* _What the exercise asks_: Write out the full set of records exactly. Any pictures in them do not belong in the copy.

* _Dataset excerpts_:

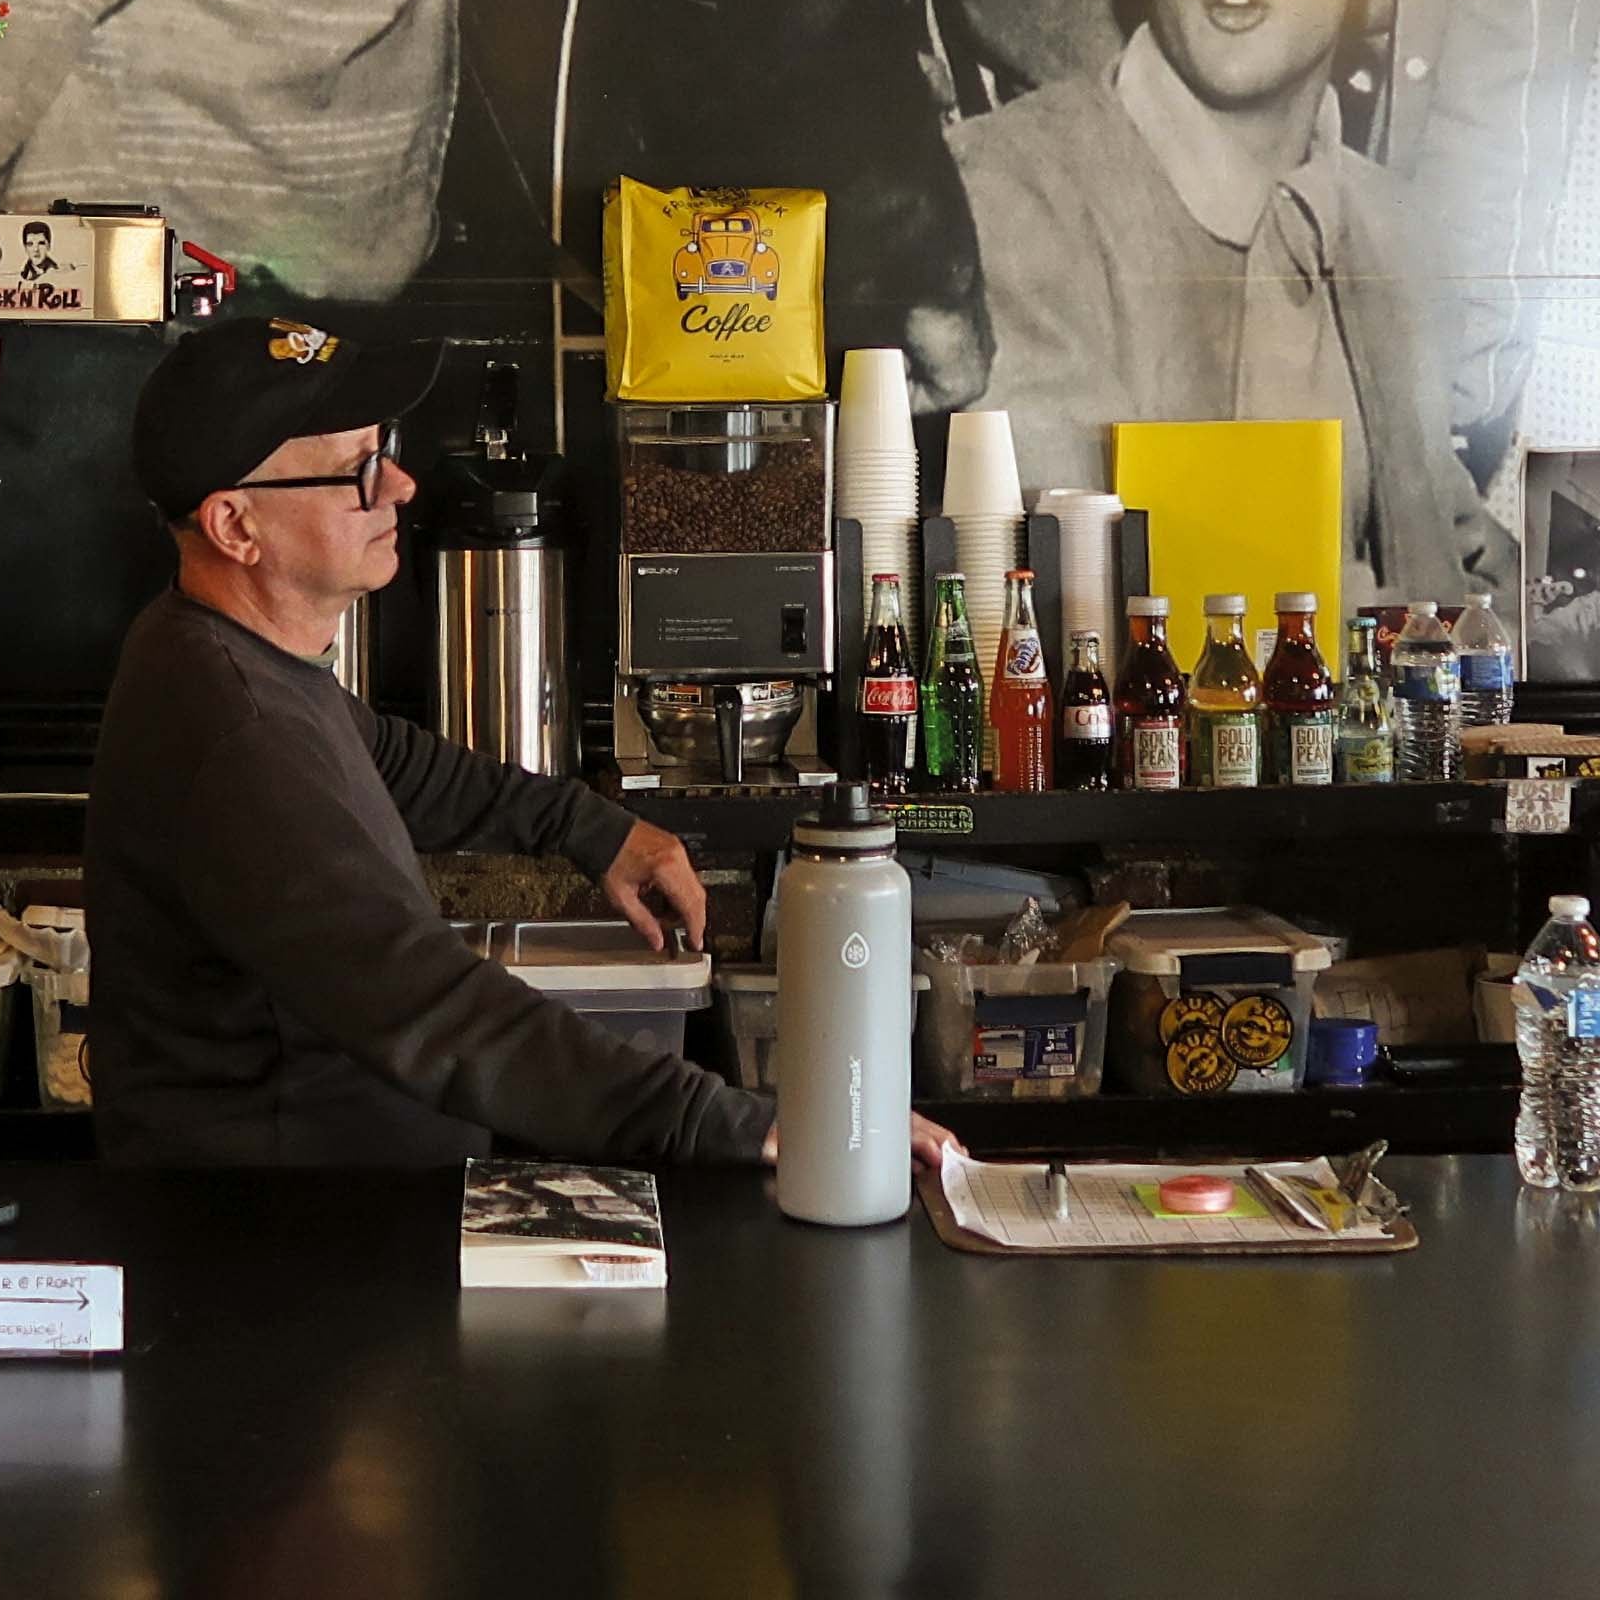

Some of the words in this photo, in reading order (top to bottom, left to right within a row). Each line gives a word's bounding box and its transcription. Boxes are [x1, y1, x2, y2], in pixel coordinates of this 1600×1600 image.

[681, 303, 774, 342] Coffee
[1217, 728, 1253, 746] GOLD
[35, 1276, 88, 1290] FRONT
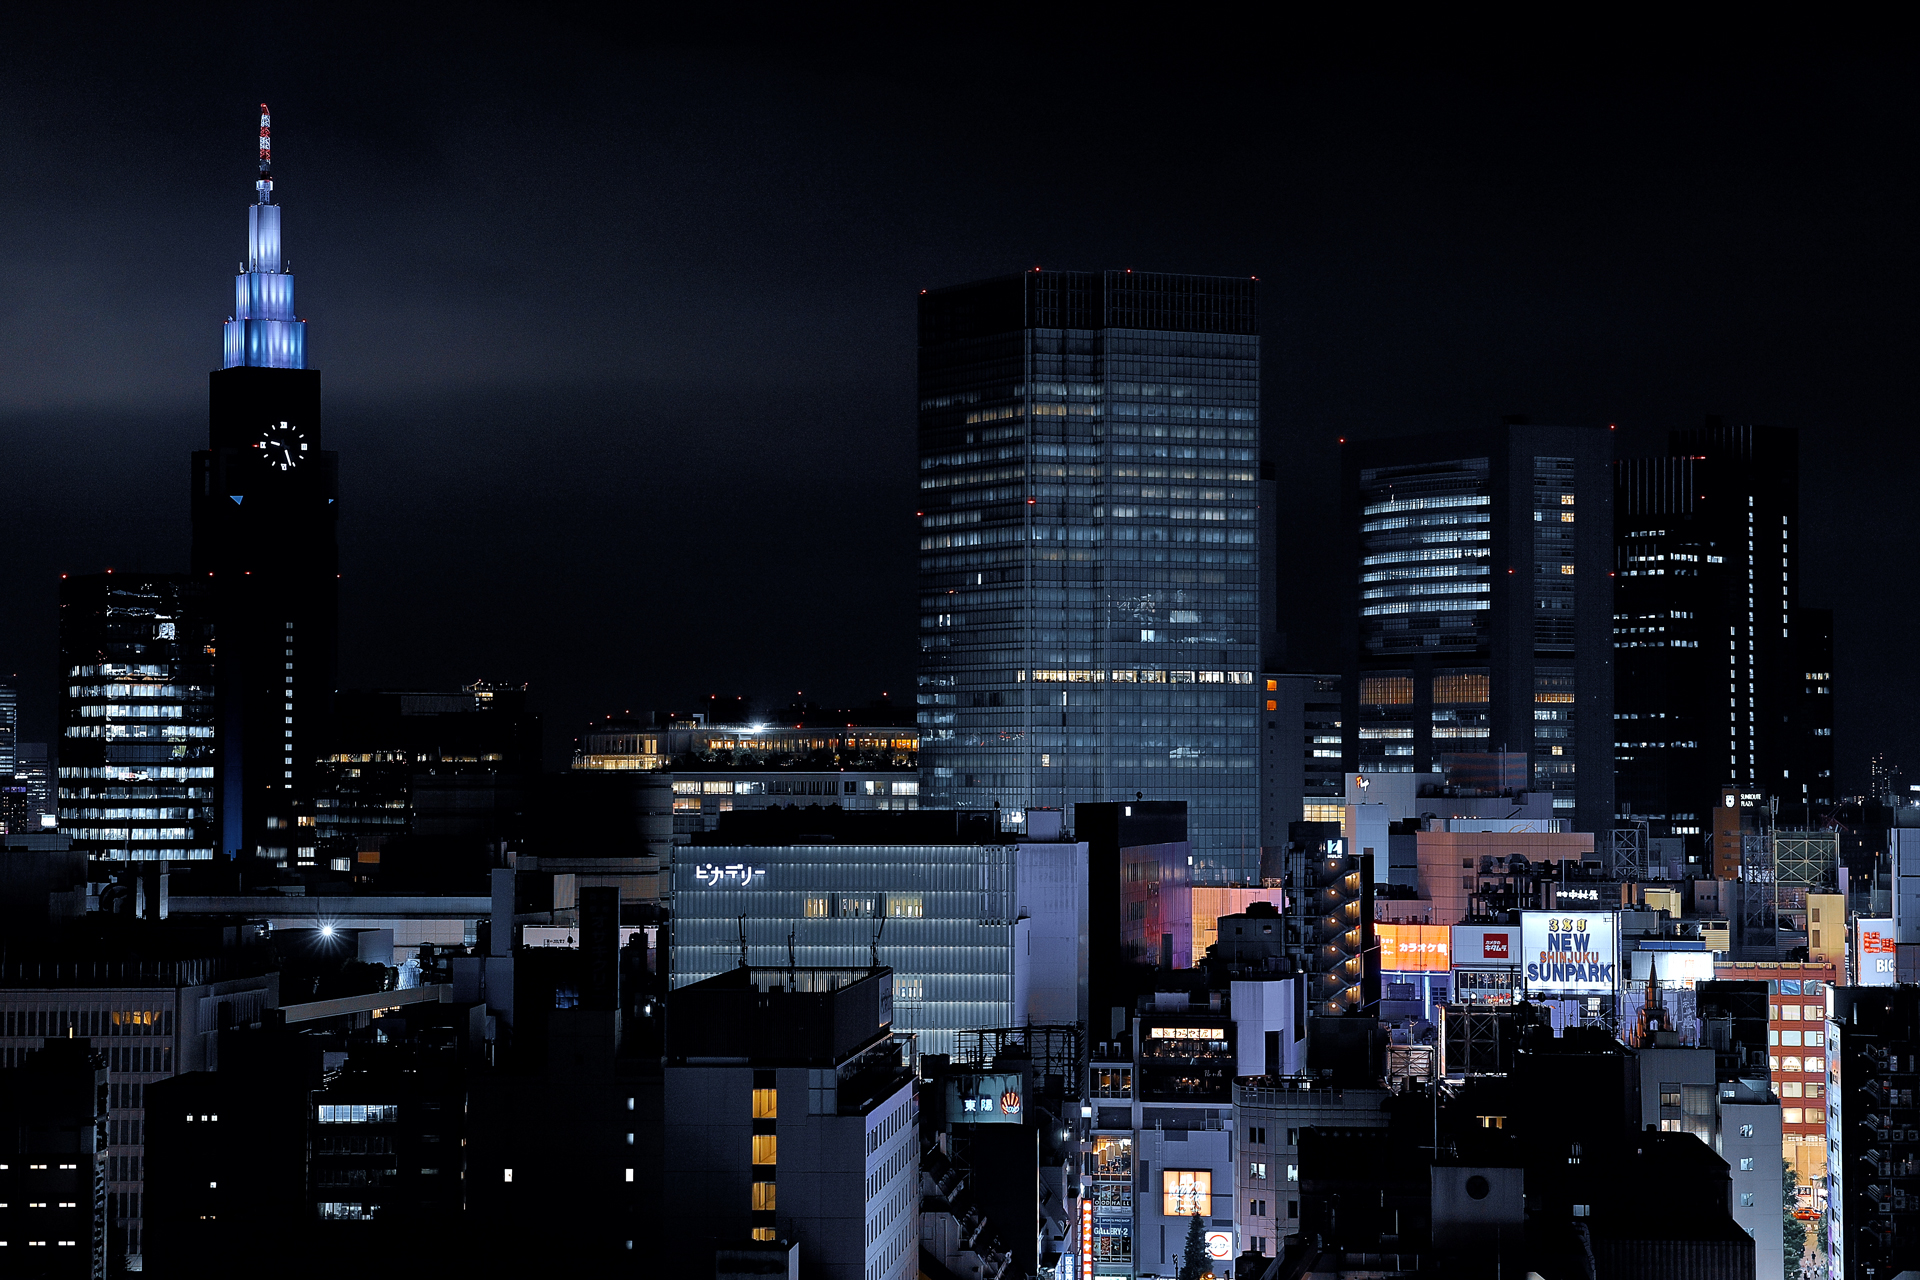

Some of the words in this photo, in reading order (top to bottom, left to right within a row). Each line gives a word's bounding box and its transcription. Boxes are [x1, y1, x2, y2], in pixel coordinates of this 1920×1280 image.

[696, 863, 766, 887] ピカデリー
[1547, 933, 1591, 952] NEW
[1539, 951, 1599, 964] SHINJUKU
[1527, 962, 1613, 983] SUNPARK

* _Task result_:
Some of the words in this photo, in reading order (top to bottom, left to right within a row). Each line gives a word's bounding box and its transcription. Boxes are [x1, y1, x2, y2], in pixel coordinates of this 1600×1600 image.

[681, 303, 774, 342] Coffee
[1217, 728, 1253, 746] GOLD
[35, 1276, 88, 1290] FRONT

Some of the words in this photo, in reading order (top to bottom, left to right within a row). Each line gives a word's bounding box and its transcription. Boxes are [x1, y1, x2, y2], in pixel coordinates of this 1920×1280 image.

[696, 863, 766, 887] ピカデリー
[1547, 933, 1591, 952] NEW
[1539, 951, 1599, 964] SHINJUKU
[1527, 962, 1613, 983] SUNPARK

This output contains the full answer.